- Work instructions: Verbatim copy without images: repeat the records in full.

- Dataset records:
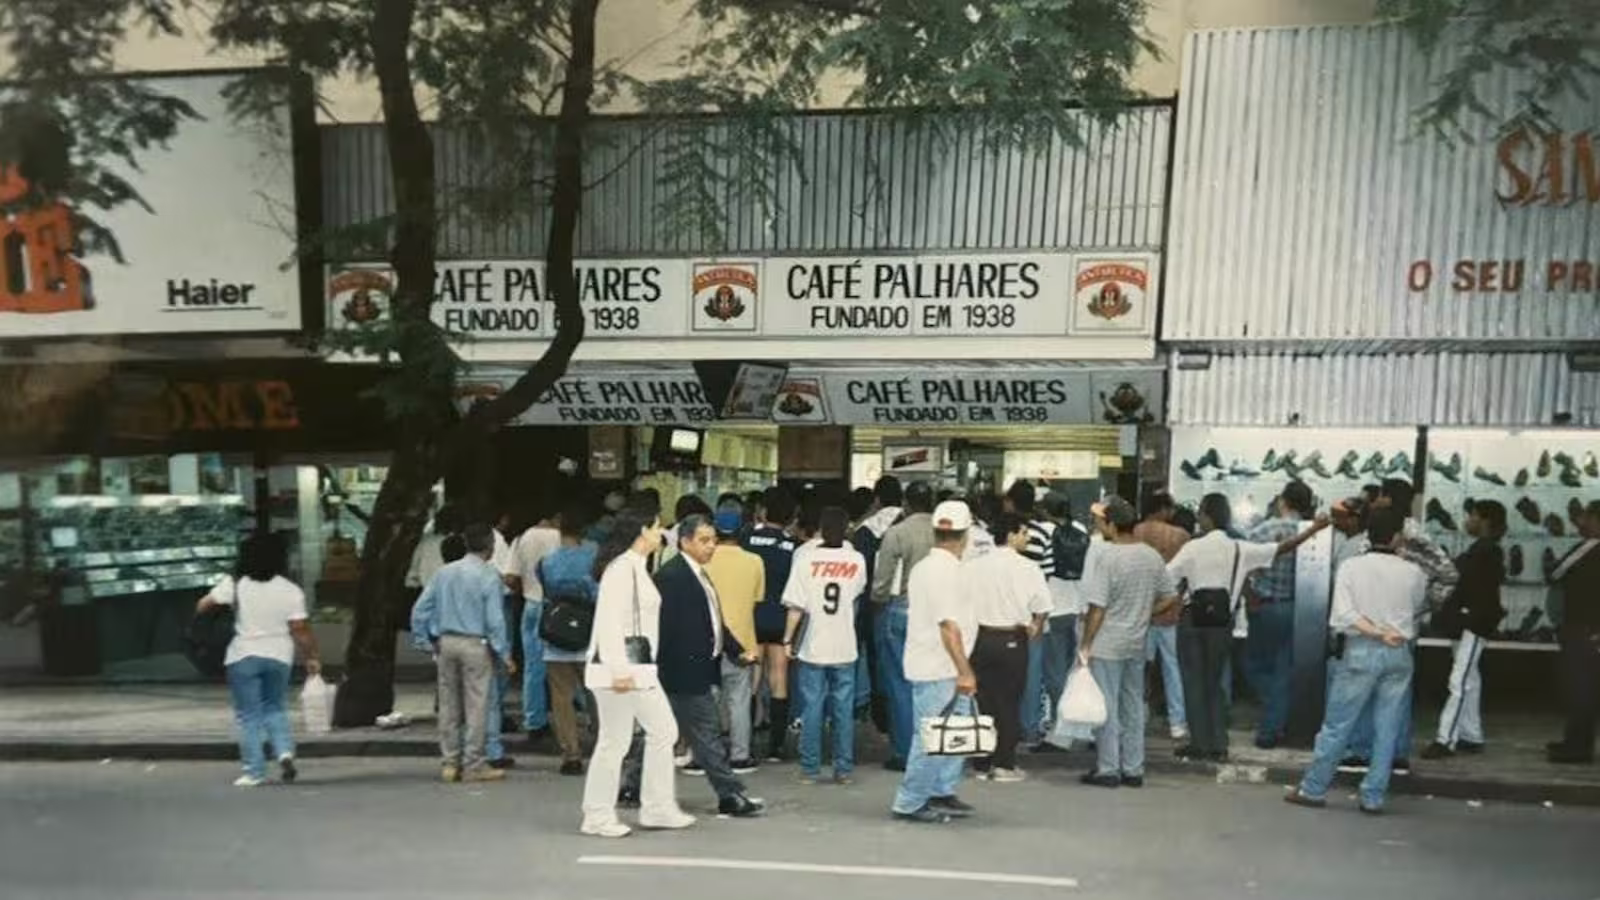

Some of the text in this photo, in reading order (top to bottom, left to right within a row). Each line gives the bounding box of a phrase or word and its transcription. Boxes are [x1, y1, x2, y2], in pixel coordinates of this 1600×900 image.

[434, 264, 493, 302] AFÉ
[504, 266, 662, 303] PAARES
[787, 259, 1040, 300] CAFÉ PALHARES
[1408, 259, 1600, 293] O SEU PR
[167, 278, 255, 306] Haier
[445, 308, 540, 332] FUNDADO
[589, 306, 641, 330] 1938
[811, 304, 1016, 329] FUNDADO EM 1938
[600, 380, 704, 404] PALHAR
[846, 377, 911, 404] CAFÉ
[922, 379, 1067, 404] PALHARES
[558, 406, 715, 422] FUNDADO EM 193
[873, 405, 1049, 422] FUNDADO EM 1938
[811, 561, 859, 579] TAM
[823, 582, 840, 616] 9
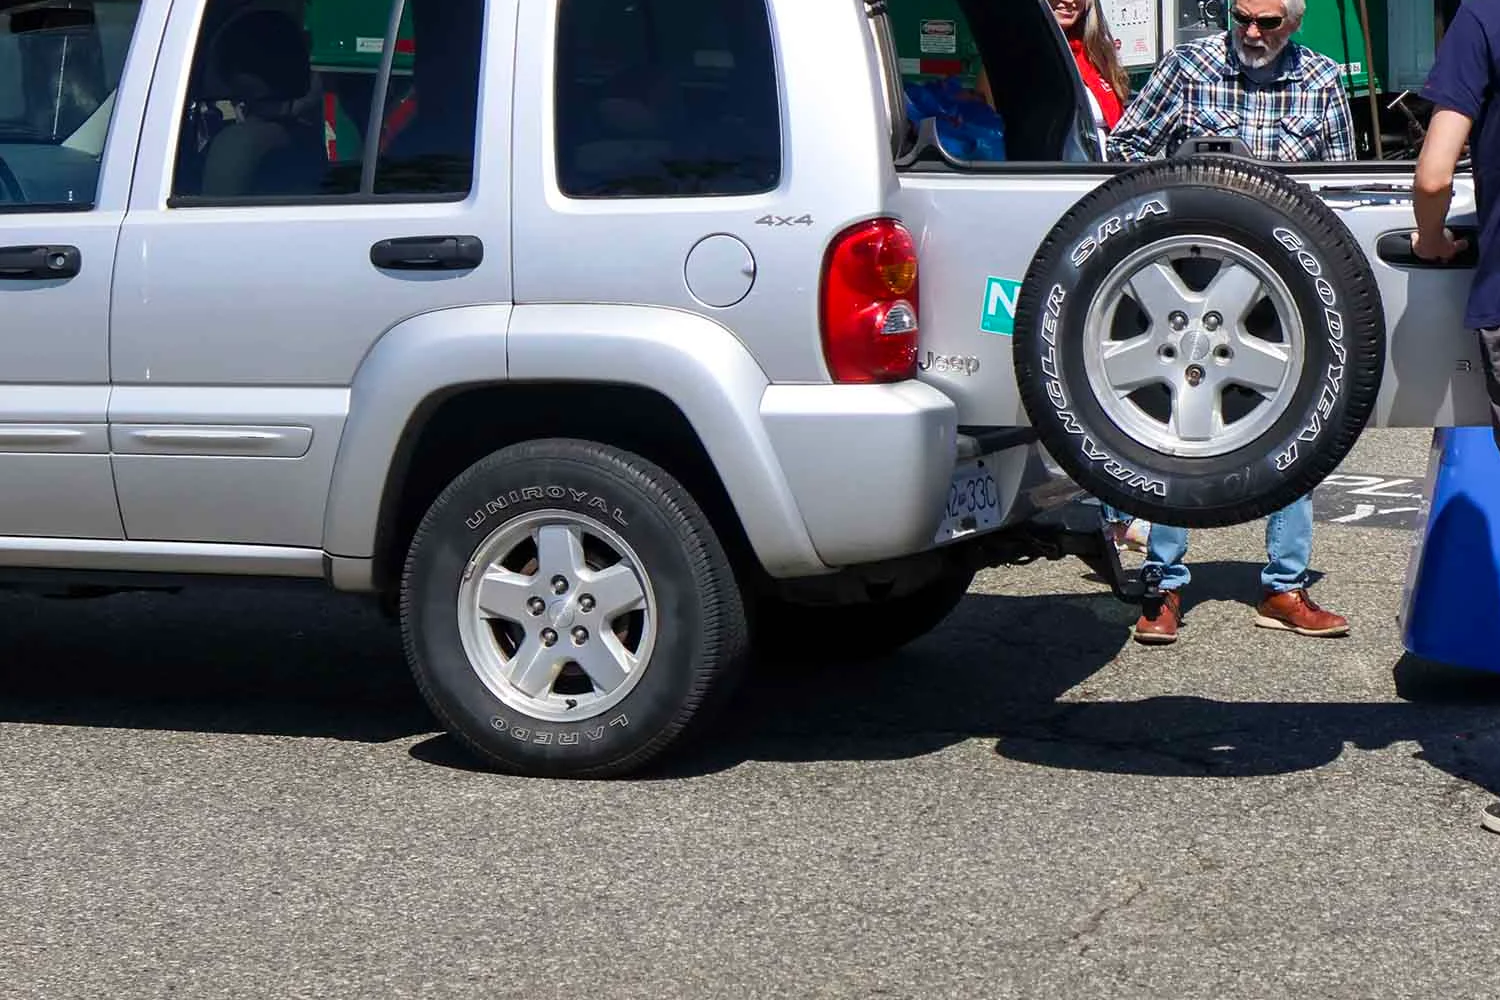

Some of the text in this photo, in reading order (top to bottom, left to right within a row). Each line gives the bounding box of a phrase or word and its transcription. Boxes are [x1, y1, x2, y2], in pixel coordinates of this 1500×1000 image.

[988, 281, 1021, 319] N
[918, 352, 980, 377] Jeep
[1272, 227, 1347, 474] GOODYEAR
[1040, 283, 1167, 497] WRANGLER
[465, 485, 629, 530] UNIROYAL
[490, 712, 630, 745] LAREDO
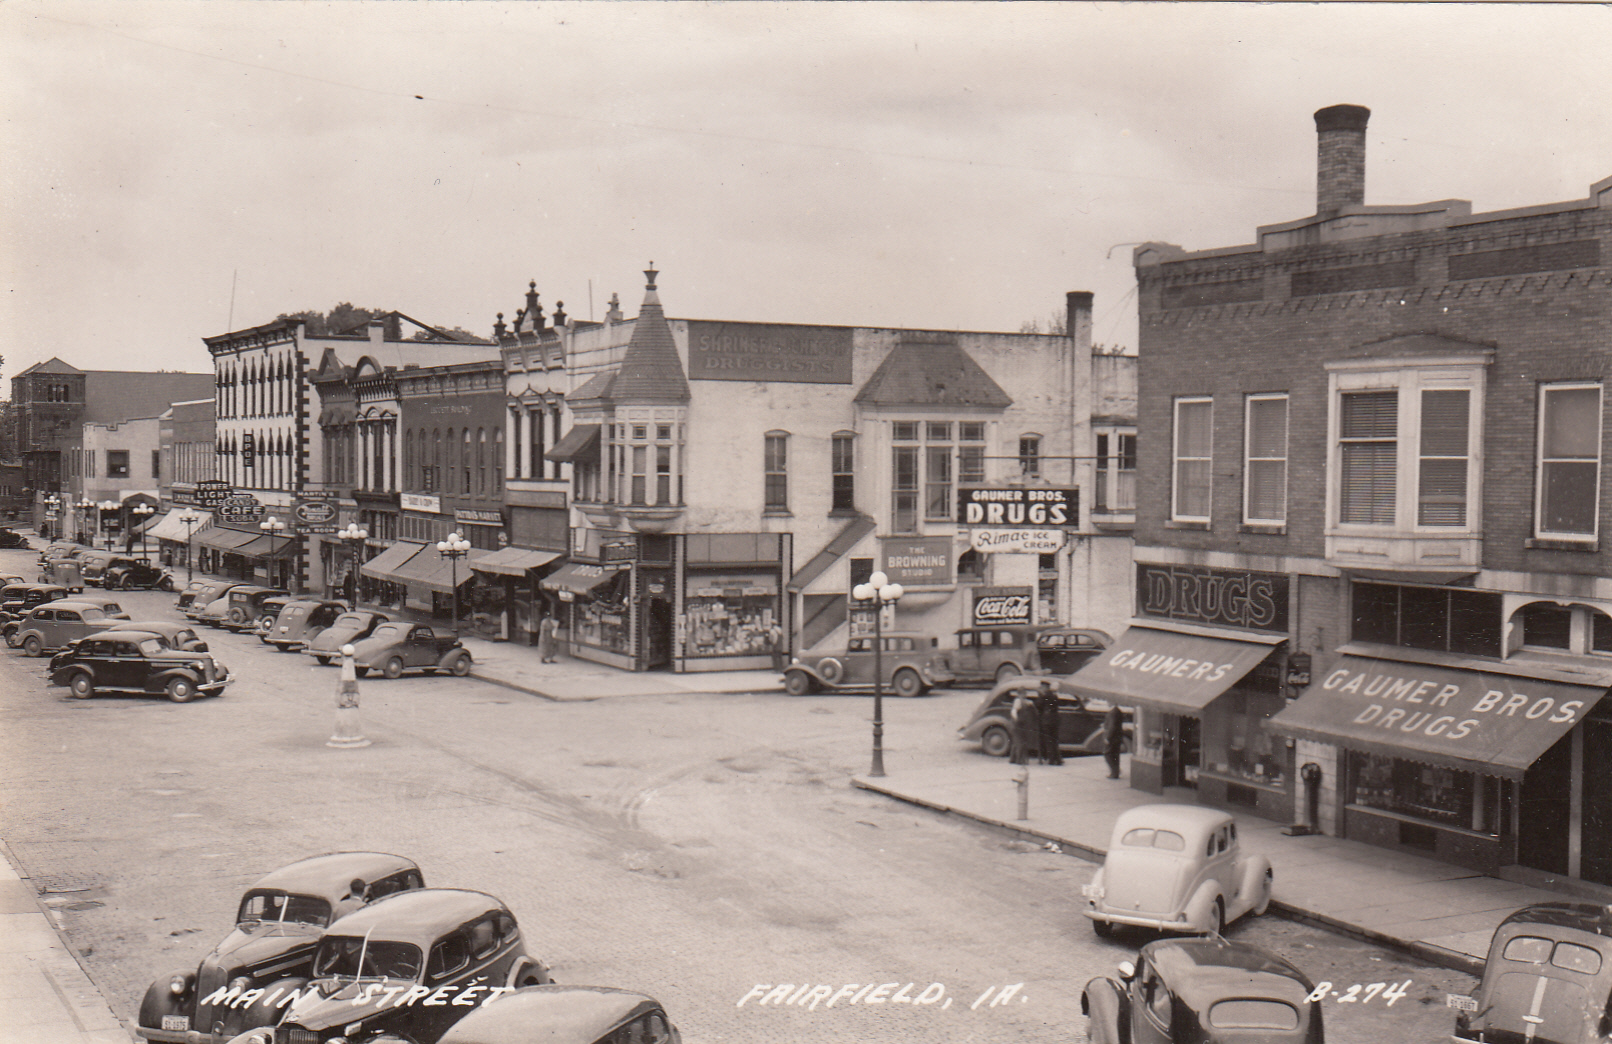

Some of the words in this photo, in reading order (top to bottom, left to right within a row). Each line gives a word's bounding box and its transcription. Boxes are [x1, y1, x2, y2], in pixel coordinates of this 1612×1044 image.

- Exercise result:
Some of the text in this photo, in reading order (top to bottom, left to right within a row). Each line gives the bounding box of a phrase or word and its transcription. Boxes are [x1, y1, x2, y2], in pixel coordinates of this 1600×900 image.

[434, 264, 493, 302] AFÉ
[504, 266, 662, 303] PAARES
[787, 259, 1040, 300] CAFÉ PALHARES
[1408, 259, 1600, 293] O SEU PR
[167, 278, 255, 306] Haier
[445, 308, 540, 332] FUNDADO
[589, 306, 641, 330] 1938
[811, 304, 1016, 329] FUNDADO EM 1938
[600, 380, 704, 404] PALHAR
[846, 377, 911, 404] CAFÉ
[922, 379, 1067, 404] PALHARES
[558, 406, 715, 422] FUNDADO EM 193
[873, 405, 1049, 422] FUNDADO EM 1938
[811, 561, 859, 579] TAM
[823, 582, 840, 616] 9

Some of the text in this photo, in reading order (top to bottom, left to right within a row). Each line gives the bounding box of a phrase or word and its transcription. Boxes are [x1, y1, x2, y2], in pixel coordinates of this 1500×1000 image.

[988, 281, 1021, 319] N
[918, 352, 980, 377] Jeep
[1272, 227, 1347, 474] GOODYEAR
[1040, 283, 1167, 497] WRANGLER
[465, 485, 629, 530] UNIROYAL
[490, 712, 630, 745] LAREDO

Some of the words in this photo, in reading order (top to bottom, left to right within a row). Each line gives a word's bounding box and its transcription. Boxes are [x1, y1, x2, y2], in pixel coordinates of this 1612×1044 image.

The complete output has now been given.